:: WORK REQUIRED ::
A word-for-word copy of the entries, with the images left out, is what you should write.

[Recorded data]

.....

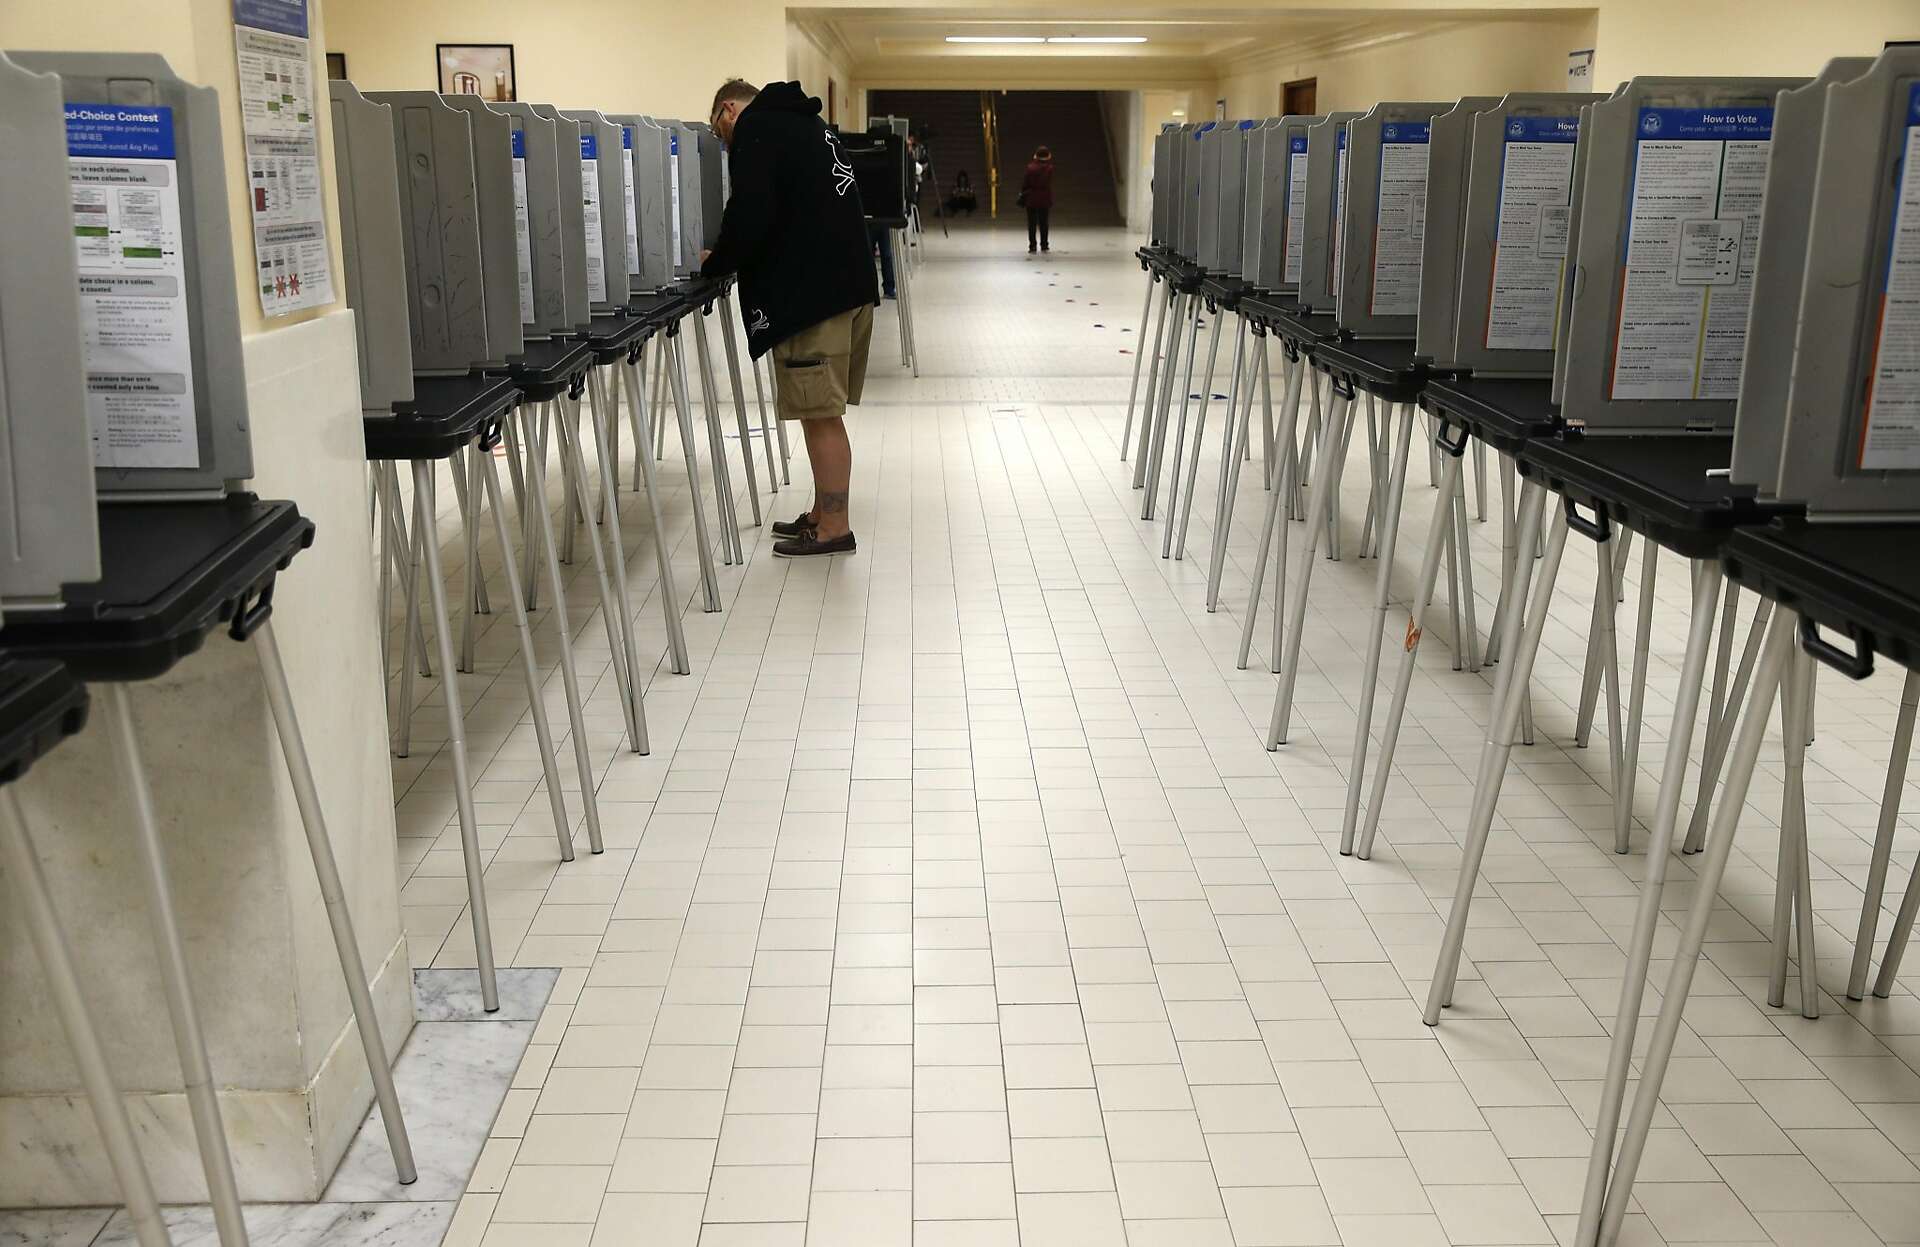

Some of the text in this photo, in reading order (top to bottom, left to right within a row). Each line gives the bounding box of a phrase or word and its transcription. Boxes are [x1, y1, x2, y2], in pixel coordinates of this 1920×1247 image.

[64, 110, 159, 123] ed-Choice Contest
[1702, 114, 1757, 124] How to Vote
[1557, 122, 1575, 130] How
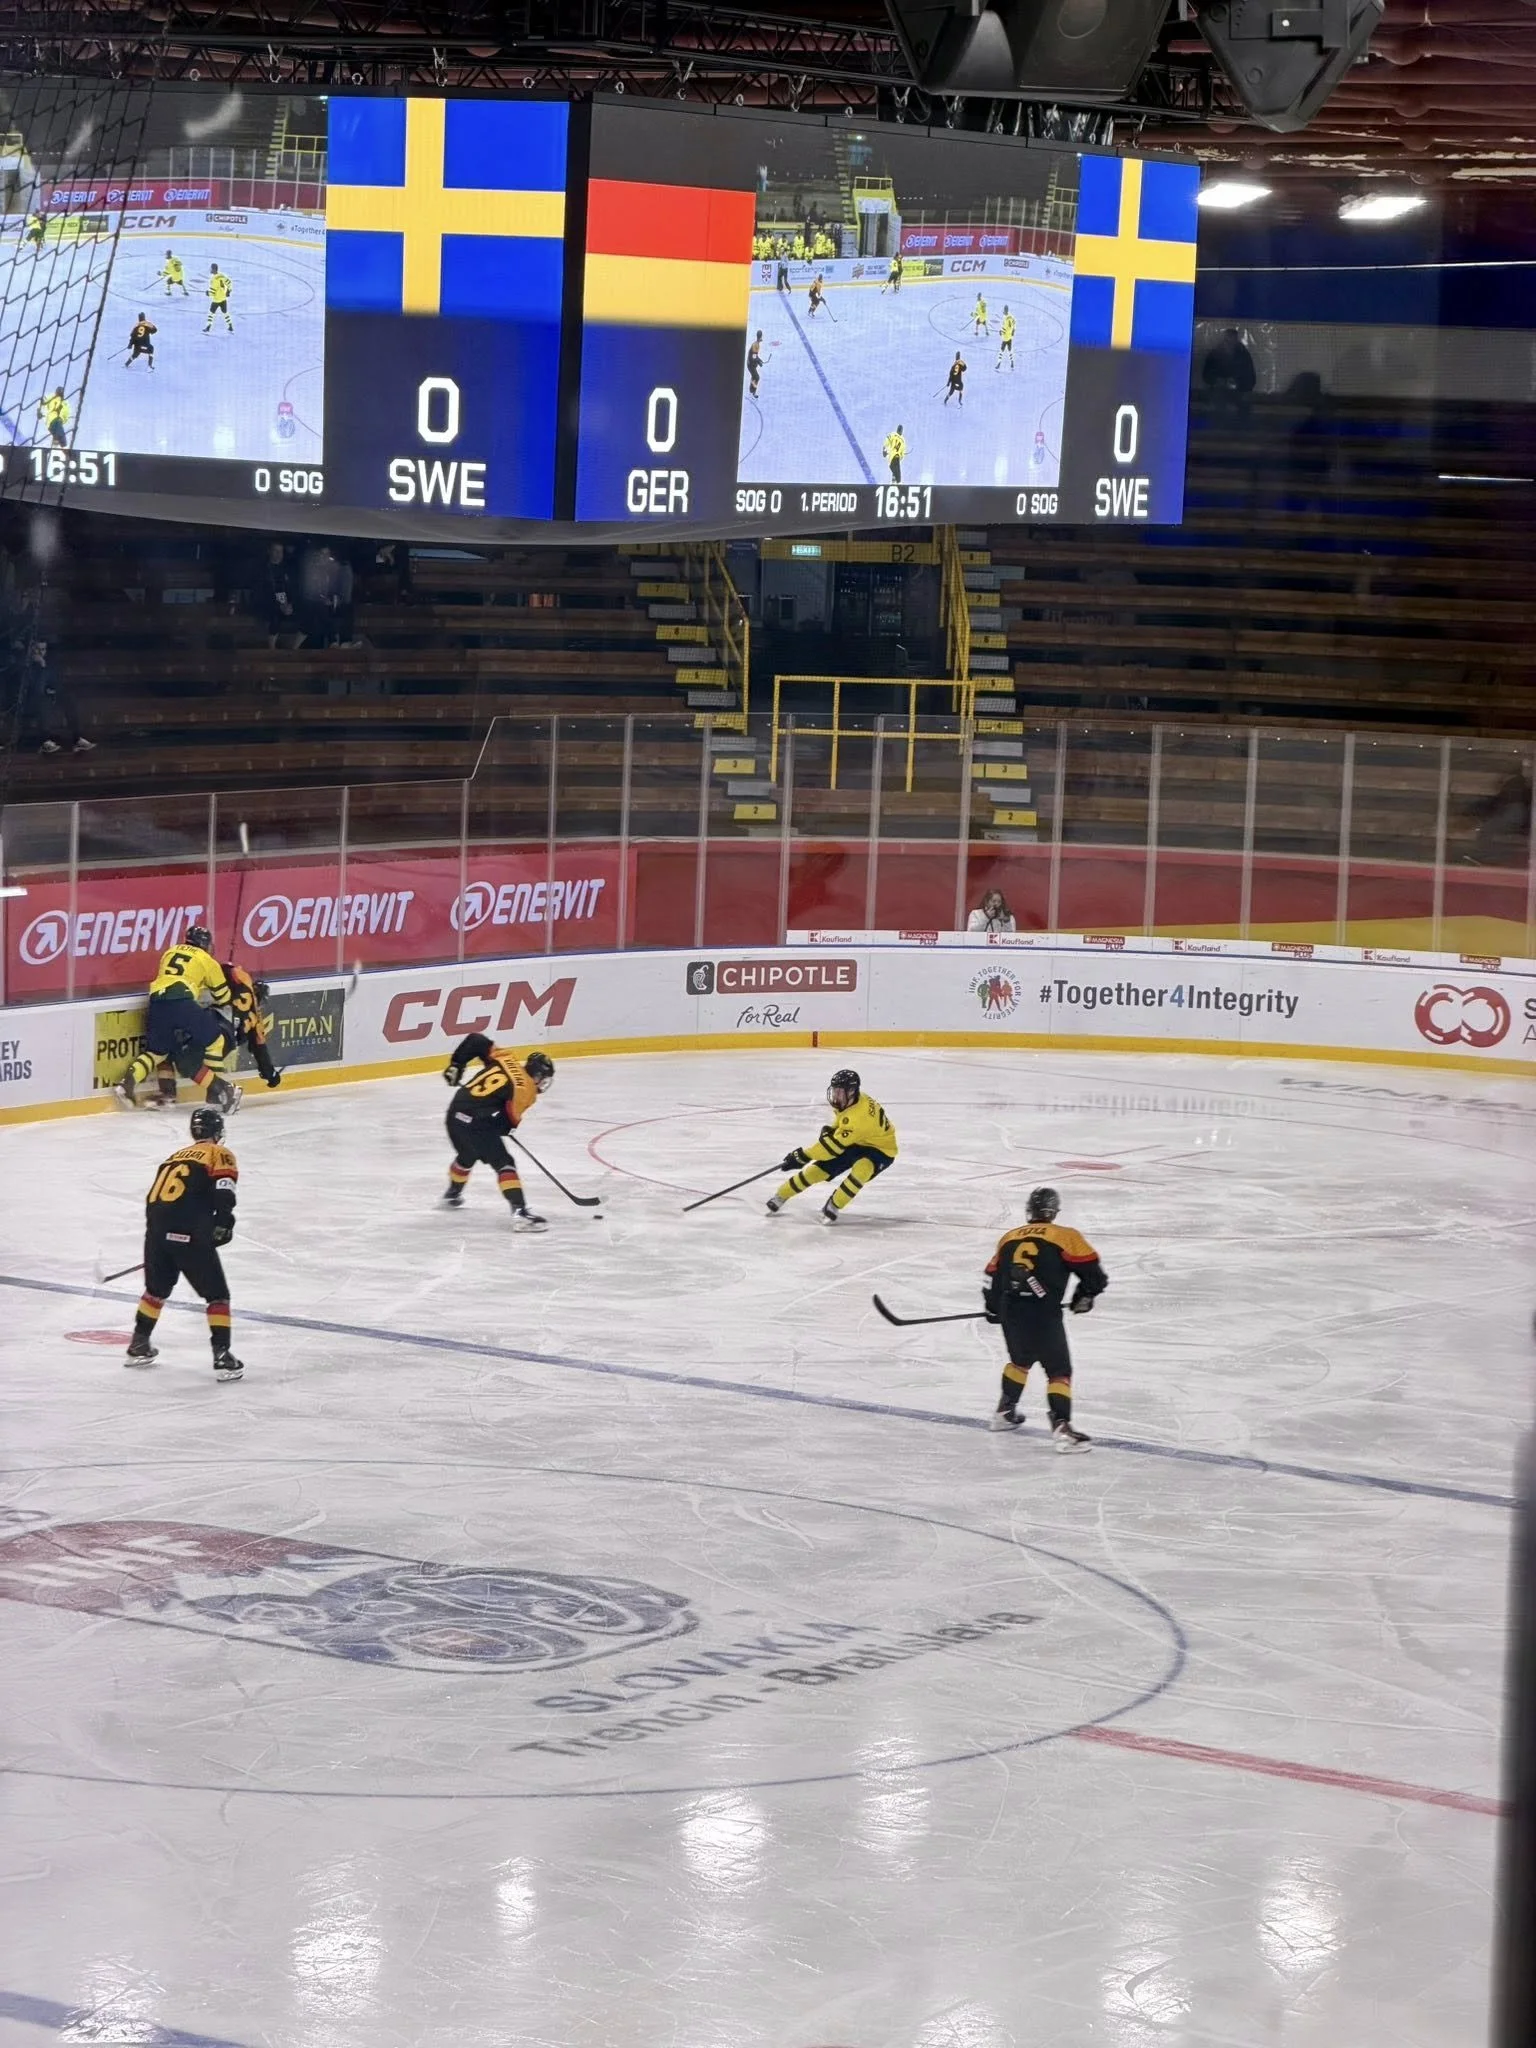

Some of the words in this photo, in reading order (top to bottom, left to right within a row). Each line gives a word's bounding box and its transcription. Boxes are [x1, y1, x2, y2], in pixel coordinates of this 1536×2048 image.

[121, 215, 177, 228] CCM
[950, 259, 986, 273] CCM
[418, 377, 459, 442] 0
[647, 387, 678, 452] 0
[1113, 405, 1138, 462] 0
[30, 448, 117, 486] 16:51
[255, 468, 271, 492] 0
[279, 470, 324, 494] SOG
[389, 458, 486, 506] SWE
[627, 469, 689, 512] GER
[736, 490, 765, 512] SOG
[770, 490, 781, 513] 0
[812, 492, 857, 512] PERIOD
[875, 486, 932, 518] 16:51
[1016, 494, 1026, 515] 0
[1031, 494, 1058, 514] SOG
[1095, 478, 1149, 516] SWE
[892, 544, 915, 562] B2
[492, 878, 605, 925] ENERVIT
[289, 890, 415, 940] ENERVIT
[72, 905, 203, 957] ENERVIT
[821, 936, 853, 944] Kaufland
[1001, 938, 1034, 946] Kaufland
[1090, 936, 1125, 945] MAGNESIA
[1105, 943, 1124, 951] PLUS
[1187, 944, 1221, 953] Kaufland
[1294, 951, 1313, 959] PLUS
[1376, 953, 1411, 963] Kaufland
[165, 952, 192, 976] 5
[722, 965, 850, 987] CHIPOTLE
[382, 977, 578, 1043] CCM
[1040, 979, 1299, 1019] #Together4Integrity
[278, 1014, 333, 1040] TITAN
[737, 1006, 760, 1028] for
[762, 1004, 801, 1028] Real
[466, 1065, 509, 1097] 19
[148, 1163, 190, 1204] 16
[533, 1620, 881, 1714] SLOVAKIA
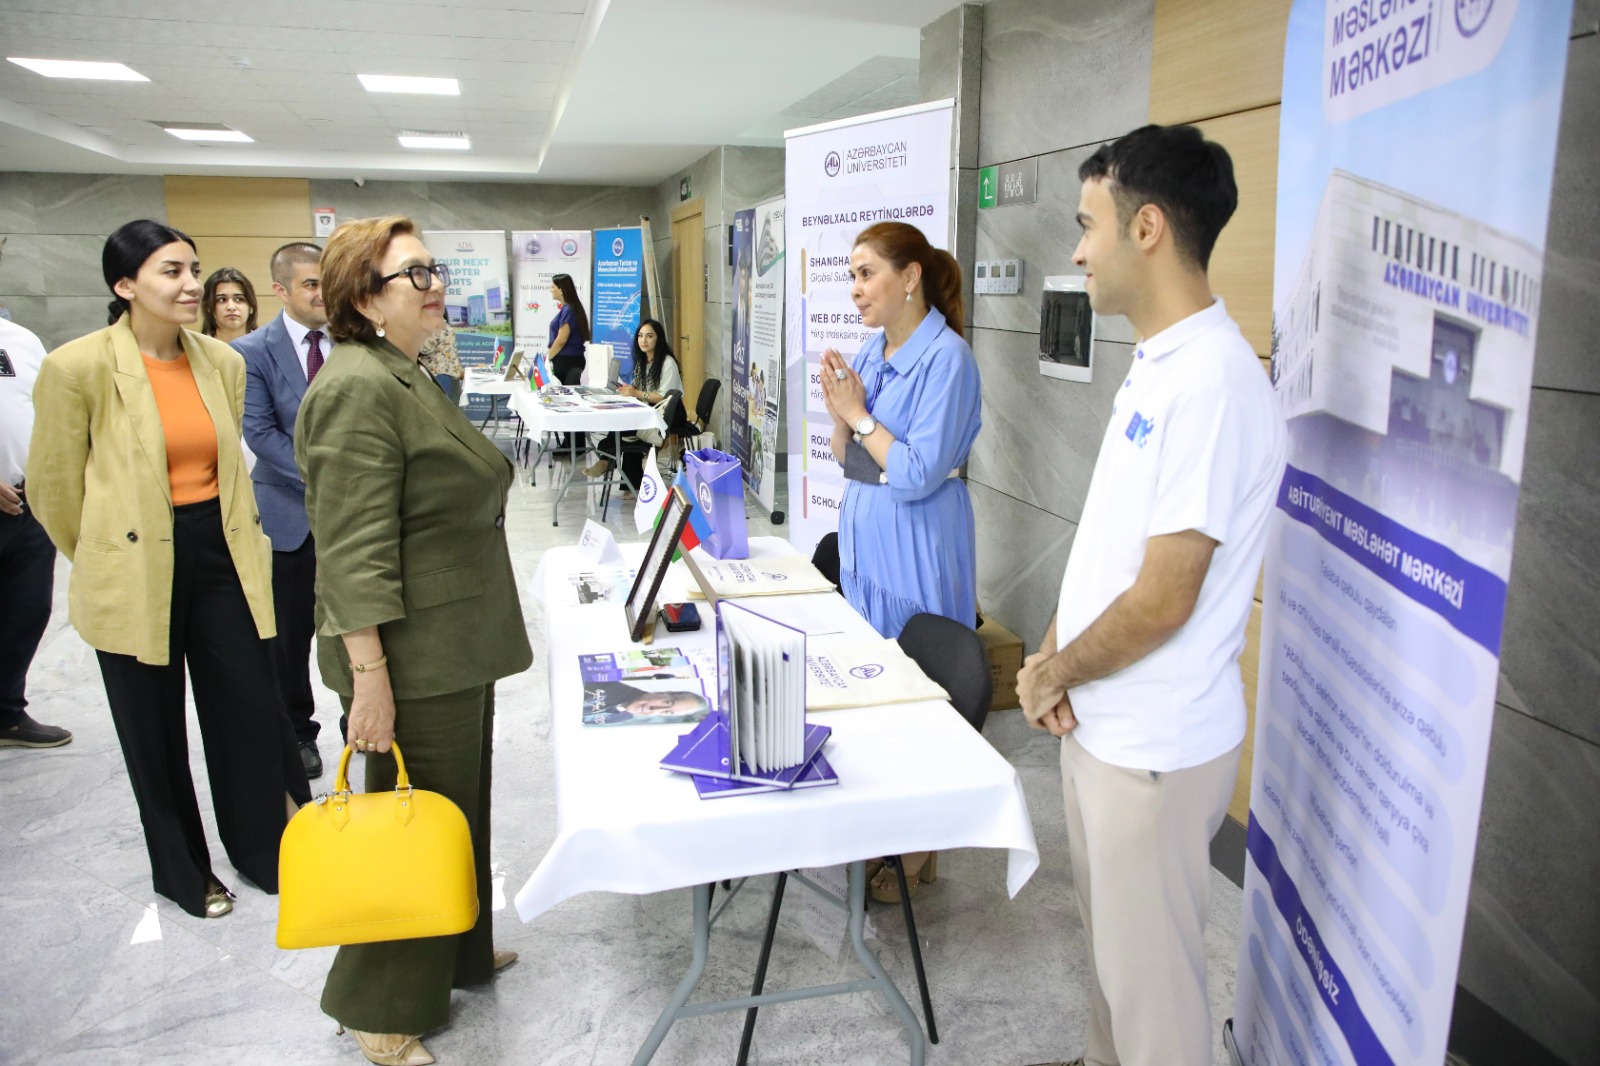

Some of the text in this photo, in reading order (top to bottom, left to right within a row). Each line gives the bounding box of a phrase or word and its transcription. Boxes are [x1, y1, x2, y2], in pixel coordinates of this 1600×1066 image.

[1332, 0, 1417, 47] MƏSLƏ
[1329, 1, 1432, 98] MƏRKƏZİ
[846, 141, 907, 160] AZƏRBAYCAN
[847, 155, 907, 174] UNİVERSİTETİ
[802, 211, 858, 227] BEYNƏLXALQ
[859, 205, 934, 221] REYTİNQLƏRDƏ
[463, 258, 489, 266] NEXT
[810, 256, 850, 267] SHANGHA
[449, 268, 481, 276] APTER
[445, 287, 462, 295] ERE
[811, 314, 862, 324] WEB OF SCIE
[860, 331, 875, 342] gör
[811, 435, 831, 446] ROU
[812, 495, 842, 510] SCHOLA
[1288, 485, 1465, 610] ABİTURİYENT MƏSLƏHƏT MƏRKƏZİ

.....

:: RESULT OF THIS EXERCISE ::
Some of the text in this photo, in reading order (top to bottom, left to right within a row). Each line gives the bounding box of a phrase or word and its transcription. Boxes are [x1, y1, x2, y2], in pixel coordinates of this 1920×1247 image.

[64, 110, 159, 123] ed-Choice Contest
[1702, 114, 1757, 124] How to Vote
[1557, 122, 1575, 130] How

Some of the words in this photo, in reading order (top to bottom, left to right within a row). Each line gives a word's bounding box and its transcription. Boxes are [x1, y1, x2, y2], in pixel coordinates of this 1536×2048 image.

[121, 215, 177, 228] CCM
[950, 259, 986, 273] CCM
[418, 377, 459, 442] 0
[647, 387, 678, 452] 0
[1113, 405, 1138, 462] 0
[30, 448, 117, 486] 16:51
[255, 468, 271, 492] 0
[279, 470, 324, 494] SOG
[389, 458, 486, 506] SWE
[627, 469, 689, 512] GER
[736, 490, 765, 512] SOG
[770, 490, 781, 513] 0
[812, 492, 857, 512] PERIOD
[875, 486, 932, 518] 16:51
[1016, 494, 1026, 515] 0
[1031, 494, 1058, 514] SOG
[1095, 478, 1149, 516] SWE
[892, 544, 915, 562] B2
[492, 878, 605, 925] ENERVIT
[289, 890, 415, 940] ENERVIT
[72, 905, 203, 957] ENERVIT
[821, 936, 853, 944] Kaufland
[1001, 938, 1034, 946] Kaufland
[1090, 936, 1125, 945] MAGNESIA
[1105, 943, 1124, 951] PLUS
[1187, 944, 1221, 953] Kaufland
[1294, 951, 1313, 959] PLUS
[1376, 953, 1411, 963] Kaufland
[165, 952, 192, 976] 5
[722, 965, 850, 987] CHIPOTLE
[382, 977, 578, 1043] CCM
[1040, 979, 1299, 1019] #Together4Integrity
[278, 1014, 333, 1040] TITAN
[737, 1006, 760, 1028] for
[762, 1004, 801, 1028] Real
[466, 1065, 509, 1097] 19
[148, 1163, 190, 1204] 16
[533, 1620, 881, 1714] SLOVAKIA

Some of the text in this photo, in reading order (top to bottom, left to right within a row). Each line gives the bounding box of a phrase or word and its transcription. Boxes are [x1, y1, x2, y2], in pixel coordinates of this 1600×1066 image.

[1332, 0, 1417, 47] MƏSLƏ
[1329, 1, 1432, 98] MƏRKƏZİ
[846, 141, 907, 160] AZƏRBAYCAN
[847, 155, 907, 174] UNİVERSİTETİ
[802, 211, 858, 227] BEYNƏLXALQ
[859, 205, 934, 221] REYTİNQLƏRDƏ
[463, 258, 489, 266] NEXT
[810, 256, 850, 267] SHANGHA
[449, 268, 481, 276] APTER
[445, 287, 462, 295] ERE
[811, 314, 862, 324] WEB OF SCIE
[860, 331, 875, 342] gör
[811, 435, 831, 446] ROU
[812, 495, 842, 510] SCHOLA
[1288, 485, 1465, 610] ABİTURİYENT MƏSLƏHƏT MƏRKƏZİ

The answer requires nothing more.